Re: English spelling reform
From: | Dirk Elzinga <dirk_elzinga@...> |
Date: | Monday, October 14, 2002, 16:18 |
At 10:38 AM -0400 10/14/02, John Cowan wrote:
>Adrian Morgan scripsit:
>
>> There are any number of words that are reduced in practically all
>> speech but which may preserve an unreduced vowel under special
>> circumstances, e.g. possibly when sung.
>
>Sung English is an interesting dialect with its own intense phonological
>peculiarities. For example, I say "glorious" as [glOr\i@s], with three
>syllables, but make it [glOr\jOs] with only two when singing.
>Once in Salt Lake City
What, you didn't even stop by and say hello? :-)
>I heard the Mormon Tabernacle Choir rehearsing --
>quite an experience -- and the choir director was making precisely this
>point, at which time I realized that I had absorbed that rule myself
>without ever being taught it.
The MTC has had a spotty record when it comes to enunciation; do you
remember who the director was? The current group (Craig Jessop,
Barlow Bradford, and Mack Wilberg) are much more technically
demanding than previous directors have been. I have a couple of
friends in the choir, and they've mentioned how much more work it is
now.

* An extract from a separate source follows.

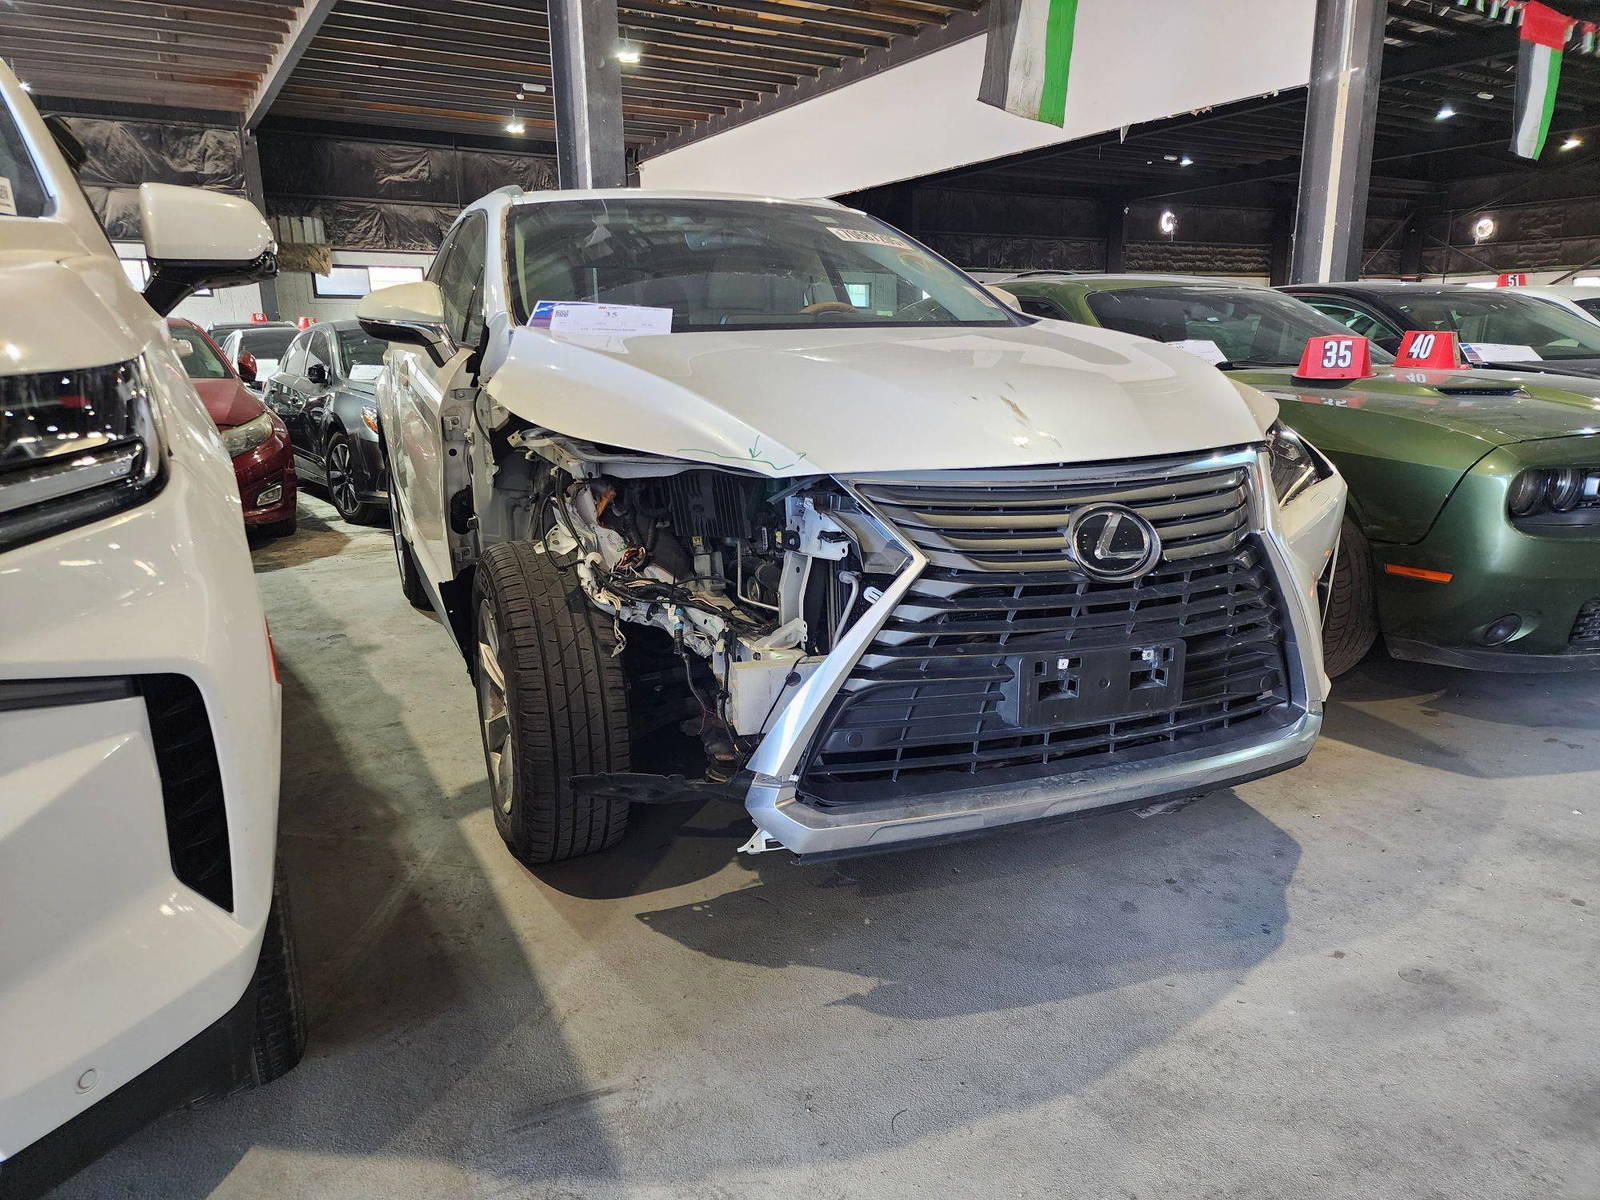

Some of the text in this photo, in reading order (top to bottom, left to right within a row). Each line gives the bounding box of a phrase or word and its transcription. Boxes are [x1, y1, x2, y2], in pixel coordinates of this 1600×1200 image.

[1508, 274, 1519, 287] 51
[1323, 340, 1352, 368] 35
[1409, 333, 1436, 359] 40
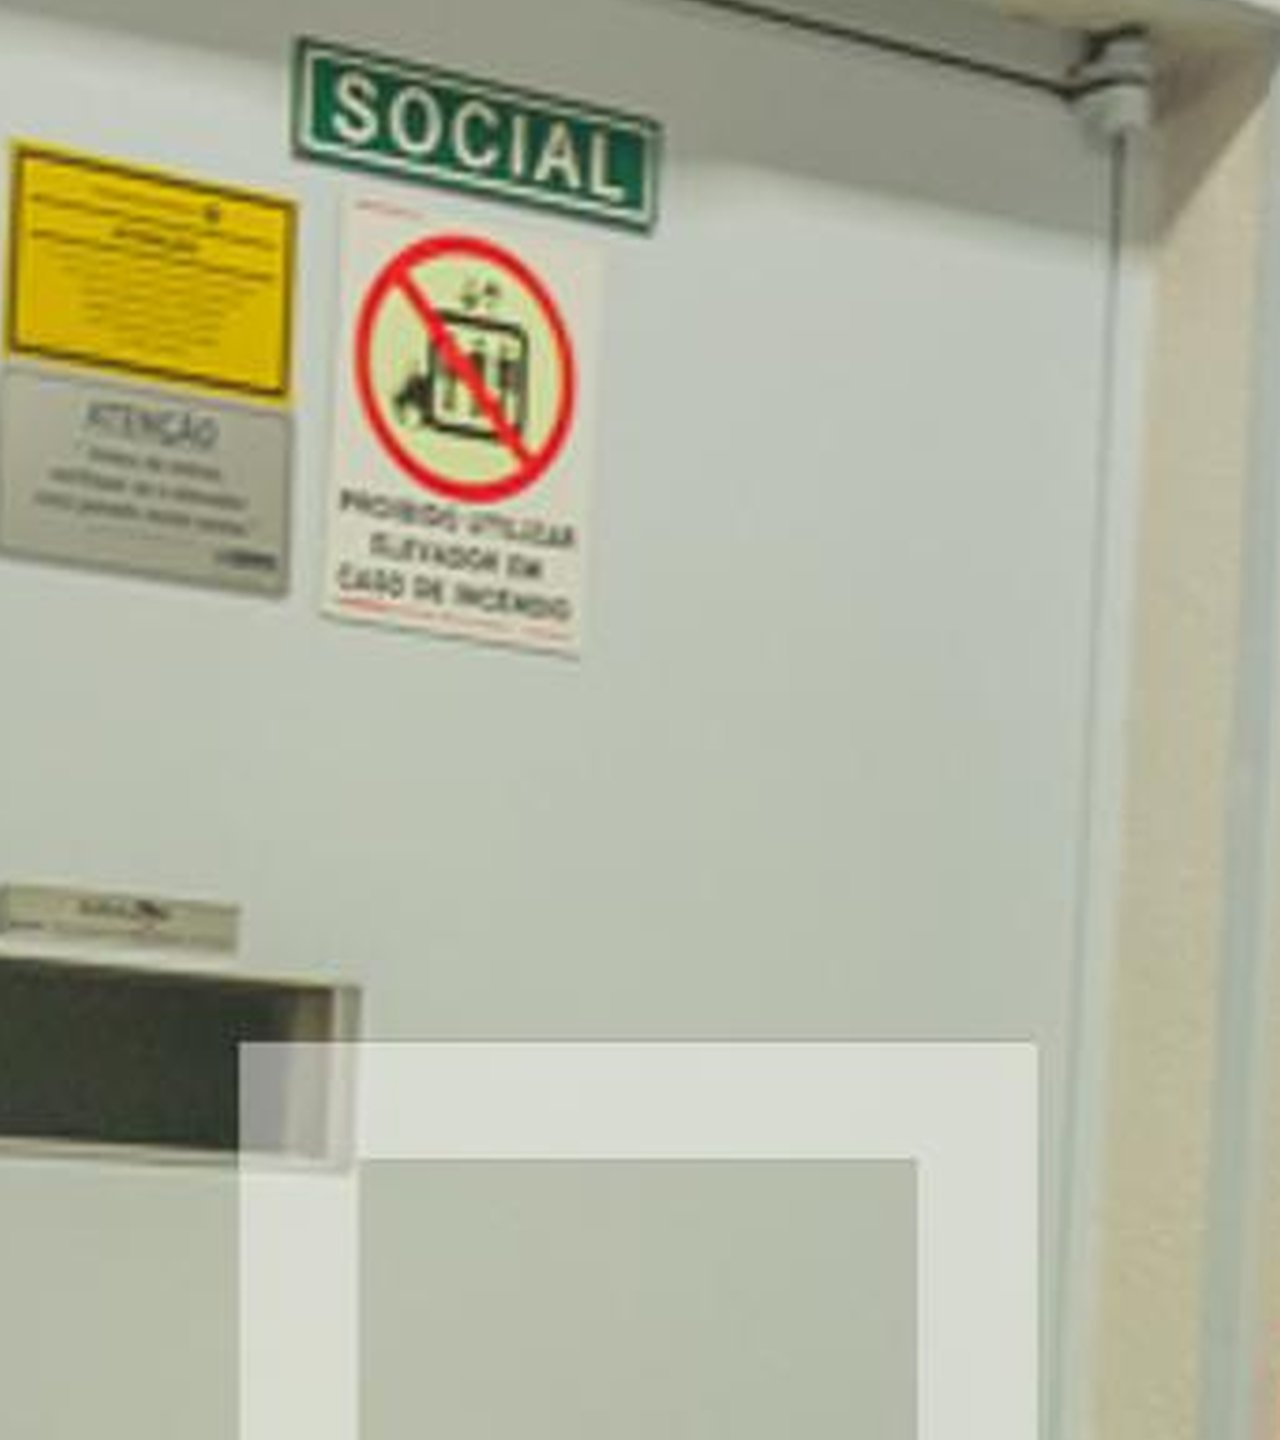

The choir has always had a gorgeous sound, but now you can
understand the words.
>Still, this is not as weird as Sung French, where final schwas that have
>been silent for centuries are still pronounced!
In Tohono O'odham there are processes which add vowels and whole
syllables to words to fill out the meter in oral recitation and
singing. A claim which had been made of the language is that the
inserted vowels reflect earlier forms in a manner similar to French.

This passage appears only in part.